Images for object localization
■ ■ ■ ■ ■ ■ ■

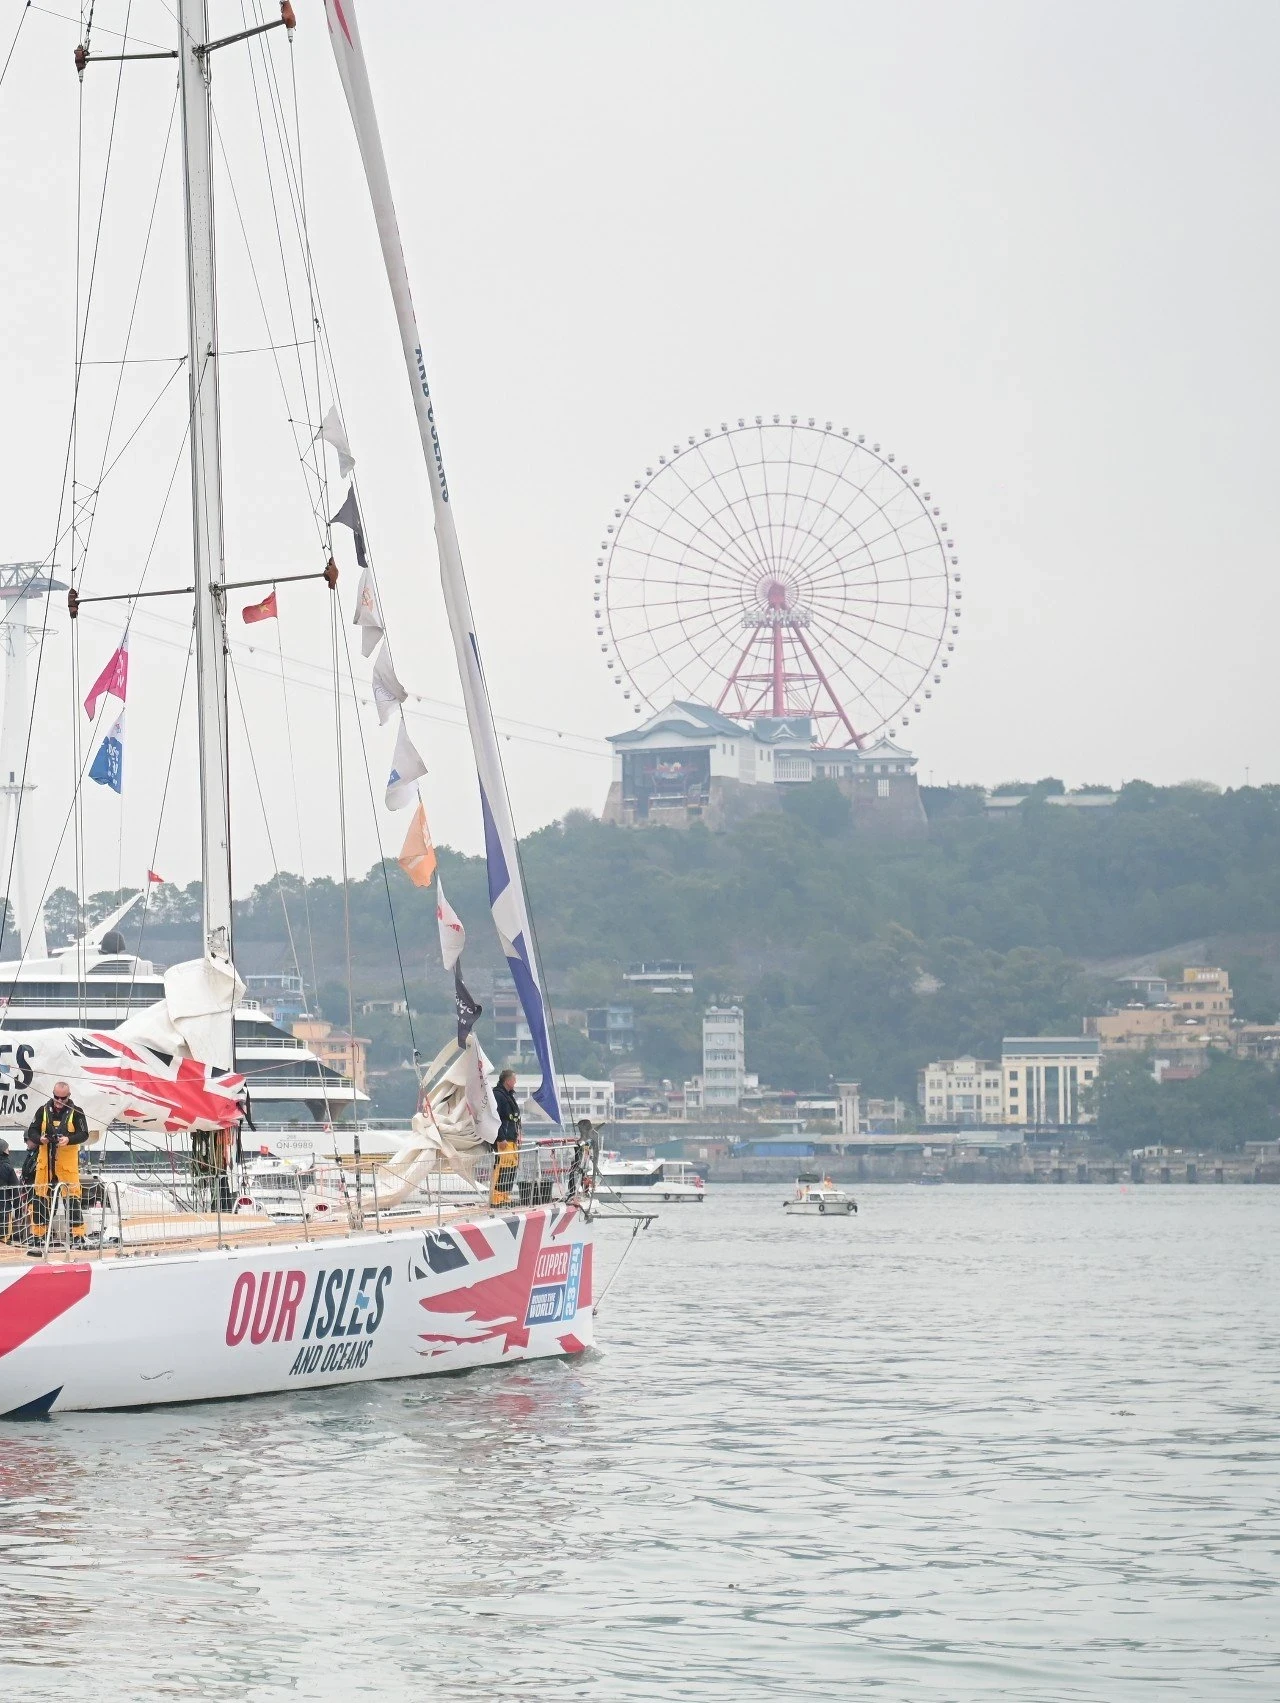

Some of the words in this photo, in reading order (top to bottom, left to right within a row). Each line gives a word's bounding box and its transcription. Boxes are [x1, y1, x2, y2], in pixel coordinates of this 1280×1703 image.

[276, 1141, 313, 1149] QN-9989
[536, 1252, 569, 1278] CLIPPER
[565, 1247, 581, 1317] 23-24
[225, 1270, 306, 1347] OUR
[302, 1265, 393, 1340] ISLES
[529, 1302, 555, 1318] WORLD
[288, 1344, 319, 1376] AND
[320, 1339, 374, 1372] OCEANS

■ ■ ■ ■ ■ ■ ■

Every line above should be retyped exactly; the pictures do not belong in the copy.

[Solved exercise]
Some of the words in this photo, in reading order (top to bottom, left to right within a row). Each line gives a word's bounding box and its transcription. Boxes are [x1, y1, x2, y2], in pixel coordinates of this 1280×1703 image.

[276, 1141, 313, 1149] QN-9989
[536, 1252, 569, 1278] CLIPPER
[565, 1247, 581, 1317] 23-24
[225, 1270, 306, 1347] OUR
[302, 1265, 393, 1340] ISLES
[529, 1302, 555, 1318] WORLD
[288, 1344, 319, 1376] AND
[320, 1339, 374, 1372] OCEANS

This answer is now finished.